The U.S. government has 15 different agencies overseeing food-safety laws, more than 20 separate programs to help the homeless and 80 programs for economic development.

These are a few of the findings in a massive study of overlapping and duplicative programs that cost taxpayers billions of dollars each year, according to the Government Accountability Office.


A report from the nonpartisan GAO, to be released Tuesday, compiles a list of redundant and potentially ineffective federal programs, and it could serve as a template for lawmakers in both parties as they move to cut federal spending and consolidate programs to reduce the deficit. Sen. Tom Coburn (R., Okla.), who pushed for the report, estimated it identifies between $100 billion and $200 billion in duplicative spending. The GAO didn't put a specific figure on the spending overlap.

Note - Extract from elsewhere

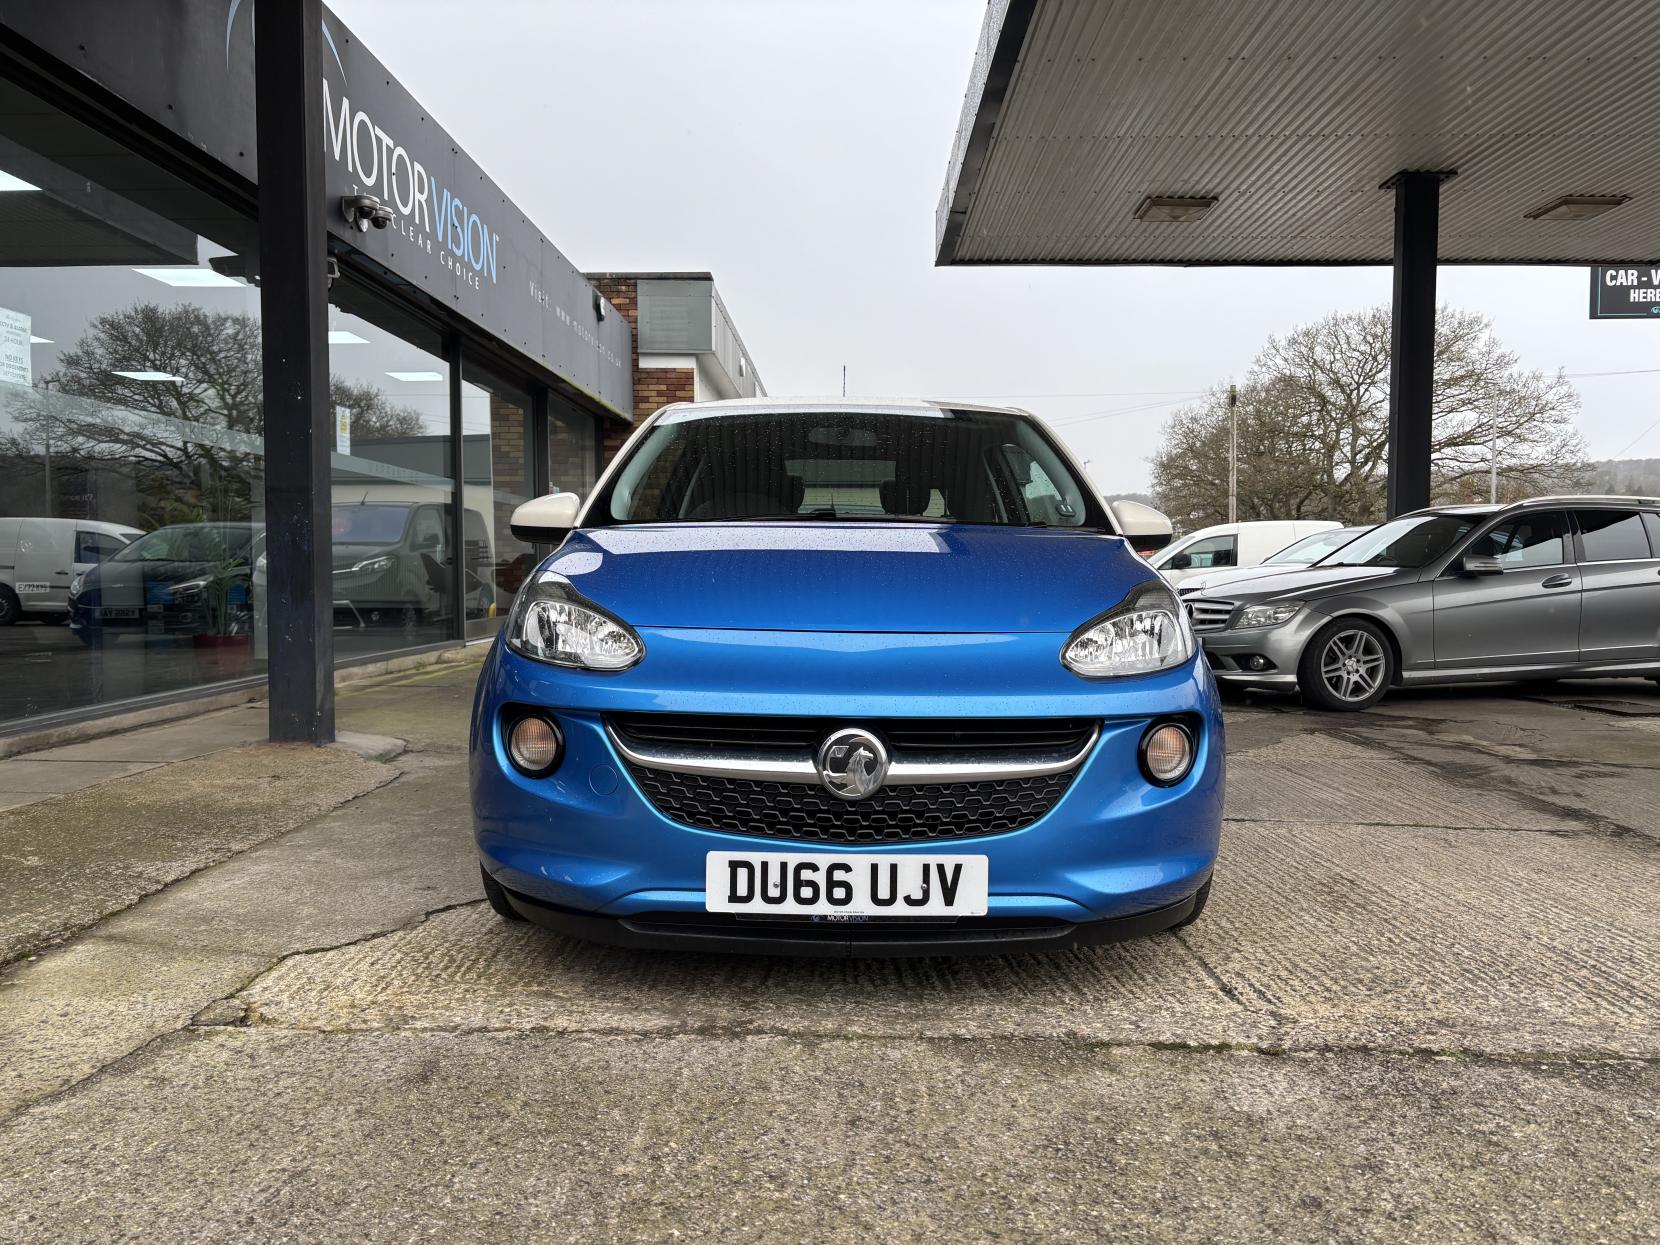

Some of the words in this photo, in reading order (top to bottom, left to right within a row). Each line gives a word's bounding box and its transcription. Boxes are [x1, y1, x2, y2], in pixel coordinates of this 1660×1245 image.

George Will on Obama and choo-choos:

Generations hence, when the river of time has worn this presidency’s importance to a small, smooth pebble in the stream of history, people will still marvel that its defining trait was a mania for high-speed rail projects. This disorder illuminates the progressive mind.

Remarkably widespread derision has greeted the Obama administration’s damn-the-arithmetic-full-speed-ahead proposal to spend $53 billion more (after the $8 billion in stimulus money and $2.4 billion in enticements to 23 states) in the next six years pursuant to the president’s loopy goal of giving “80 percent of Americans access to high-speed rail.” “Access” and “high-speed” to be defined later.

Construction cost overruns and overly optimistic ridership projections are almost assured, so why?


It's simple: it gets you out of your car and the inherent freedom and individuality it contains and into their trip where you're standing on a train platform dancing to their tune.

Totally related: Consumer Reports pans the Chevy Volt:


Consumer Reports offered a harsh initial review of the Chevrolet Volt, questioning whether General Motors Co.'s flagship vehicle makes economic "sense."The extended-range plug-in electric vehicle is on the cover of the April issue — the influential magazine's annual survey of vehicles — but the GM vehicle comes in for criticism.

"When you are looking at purely dollars and cents, it doesn't really make a lot of sense. The Volt isn't particularly efficient as an electric vehicle and it's not particularly good as a gas vehicle either in terms of fuel economy," said David Champion, the senior director of Consumer Reports auto testing center at a meeting with reporters here. "This is going to be a tough sell to the average consumer."

And this:
But GM has noted that most Americans can avoid using gasoline for most regular commuting with the Volt, while its gasoline engine can allow the freedom to travel farther, if needed.
Ah, yes... freedom.


Also related: Mickey Kaus on how the GM bailout is coming along:

Q. GM’s recent sales surge–what’s their secret? Great new models? Superior quality? A: Heavy price-cutting to goose sales (at an inevitable cost in profits). … Maybe that’s why GM stock is plunging priced so realistically.
Follow the links at the link.




Awesome: Still some more of that "new civility" we've been hearing about.
Wisconsin Democrat To Republican Colleague: “You Are F***ing Dead




Why just 10 minutes? New study: Staring at breasts is good for your health.

Guys, listen up. A study says it is actually healthy to stare at a woman's breasts.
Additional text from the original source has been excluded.